Municipal employees in the suburbs of Anchorage, Alaska, have had to revert to typewriters to accomplish some tasks since some government systems were taken down by a sophisticated malware cocktail last week.
The Matanuska-Susitna Borough has been dealing with the aftermath of the cyberattack since July 24, when malware was detected on several internal servers. The FBI’s Cyber Crime division is investigating the incident, along with a similar hack reported in the neighboring city of Valdez.
“This is a very insidious, very well-organized attack,” borough IT Director Eric Wyatt said on a conference call last week with the FBI, Valdez officials, and others responding to the incident. “It’s not a kid in his mom’s basement. Because we are getting the information out and sharing it with other entities, hopefully they can weather the storm.”

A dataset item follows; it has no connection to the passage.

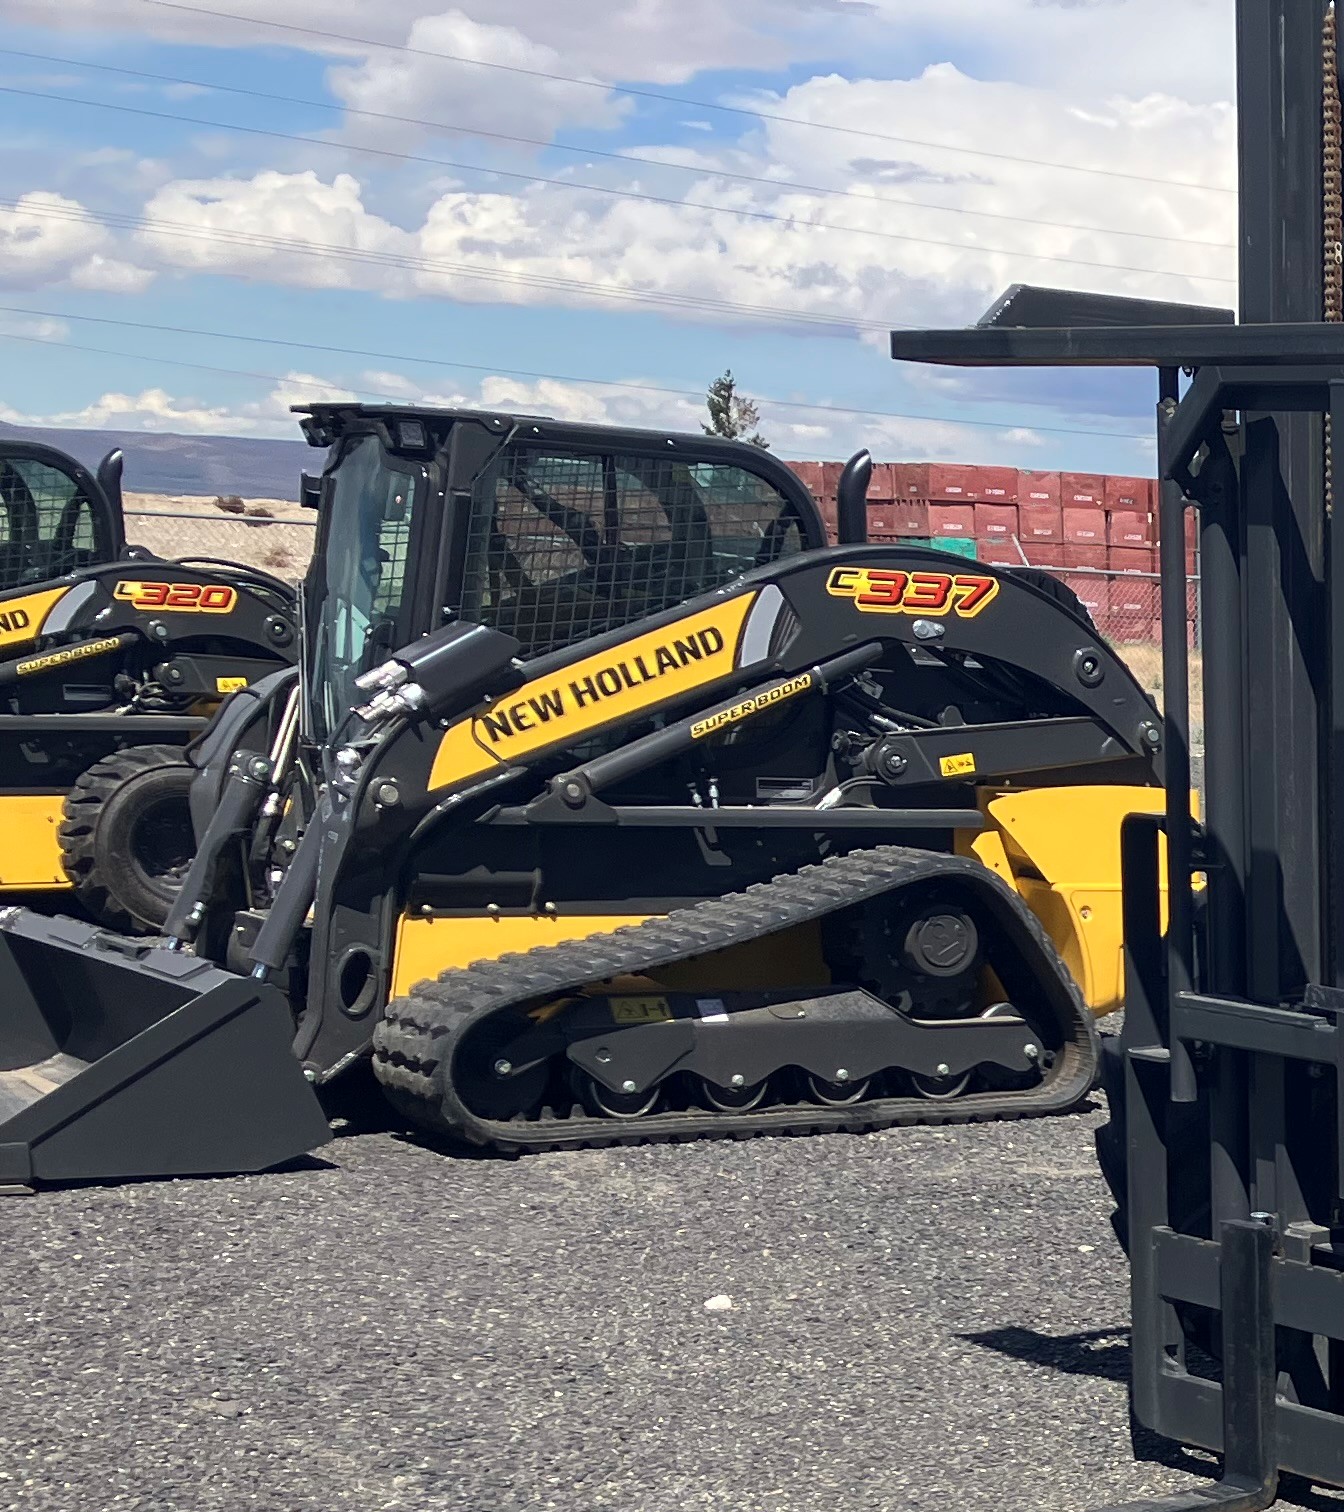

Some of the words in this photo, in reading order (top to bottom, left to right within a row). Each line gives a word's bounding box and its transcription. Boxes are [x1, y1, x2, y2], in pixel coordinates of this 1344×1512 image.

[116, 582, 235, 610] L320
[828, 568, 997, 611] C337
[484, 688, 565, 742] NEW
[569, 626, 724, 708] HOLLAND

The incident led borough officials to take some systems offline, including email, phones and other networked devices. Many public-facing systems, including the borough’s main website, have remained online, but residents have lost the ability to make online payments or use credit and debit cards at local libraries and animal-care facilities.
Nearly 500 of the borough’s Windows computers and 120 of its 150 servers were encrypted, locking out government staff from their email accounts, phone network and their backup and disaster-recovery systems. Even the card-swipe mechanism borough employees use to lock and unlock doors at borough buildings was encrypted, though the doors themselves continued to work.
In the meantime, many government functions in Mat-Su, as the borough’s some 106,000 residents call it, have been carried out with antiquated equipment, employees pulling old typewriters out of storage and recording library loans and landfill fees by hand, the borough’s public affairs director, Patty Sullivan, said last Friday.
Borough officials described the virus that infected government systems as a complex mixture of ransomware and other malware designed to prolong the cyberattack.
“This was a multi-pronged, multi-vectored attack,” Wyatt wrote in a report published Monday .
Wyatt, who’s worked in military and civilian IT for more than thirty years, wrote that the malware featured the ransomware program known as BitPaymer, which locks down infected systems unless the victims pay anywhere between 20 and 53 bitcoin — $154,400 to $409,160 at today’s exchange rate. But the package on Mat-Su’s systems also contained Trojan horse and “time-bomb” components, Wyatt continued.
The original infection was most likely delivered, he said, through a phishing link in an email to a borough employee.
That elaborate setup gave the cyberattack a long lead time, wrote Wyatt, who added that the malware was “lying dormant” on a borough server since as early as May 3. It wasn’t until July 17, after Wyatt’s team installed the latest update of its McAfee anti-virus software, that it started detecting activity from the Trojan component.
The McAfee program appeared to be doing its job of detecting and eliminating the Trojan horse for about the next week, but it was leaving behind other components while the number of affected computers reached “alarming levels,” Wyatt wrote.
On July 23, the IT staff developed a script to remove the bits McAfee missed, but it now appears that triggered the worst part of the cyberattack: “This action, of attacking back, seemed to trigger the virus to launch the Crypto Locker component,” Wyatt wrote. “This trigger may have been automated, a Dead Man’s Switch, or there may have been a person manually monitoring activity and executed their Command and Control (C2) to launch the attack.”
According to evidence borough officials found in their response, Mat-Su was at least the 210th victim since BitPaymer was first detected in June 2017 .
While Wyatt wrote that the backup and disaster-recovery servers were built to defend against all known cyberthreats, he conceded in his report that they were compromised by a “theoretical exploit.” Still, he wrote, that both systems used a “multi-tiered tiered approach to data protection” that will allow the city’s data to be recovered. The borough’s Microsoft Exchange email server, though, appears to be lost and will have to be replaced entirely. Government workers are temporarily using an external email system.
Officials reported Monday they discovered over the weekend that while most borough data was not lost in the cyberattack, it will take a while before its data can be recovered.
Affected desktop computers are being re-imaged at the rate of about 38 per day, according to the city, while copies of the infected data are being turned over to the FBI’s investigation.
The borough’s phone server was also rebuilt Sunday evening, Sullivan said. Wyatt wrote that other systems can be recovered in time, including geospatial imaging data Mat-Su officials use to map the borough.
How well other entities can cope with BitPaymer is in large part up to large anti-virus and IT security companies. Wyatt wrote he sent the virus files to McAfee so it can analyze and update the anti-virus software to prevent future attacks.
“We are awaiting the reply,” he wrote.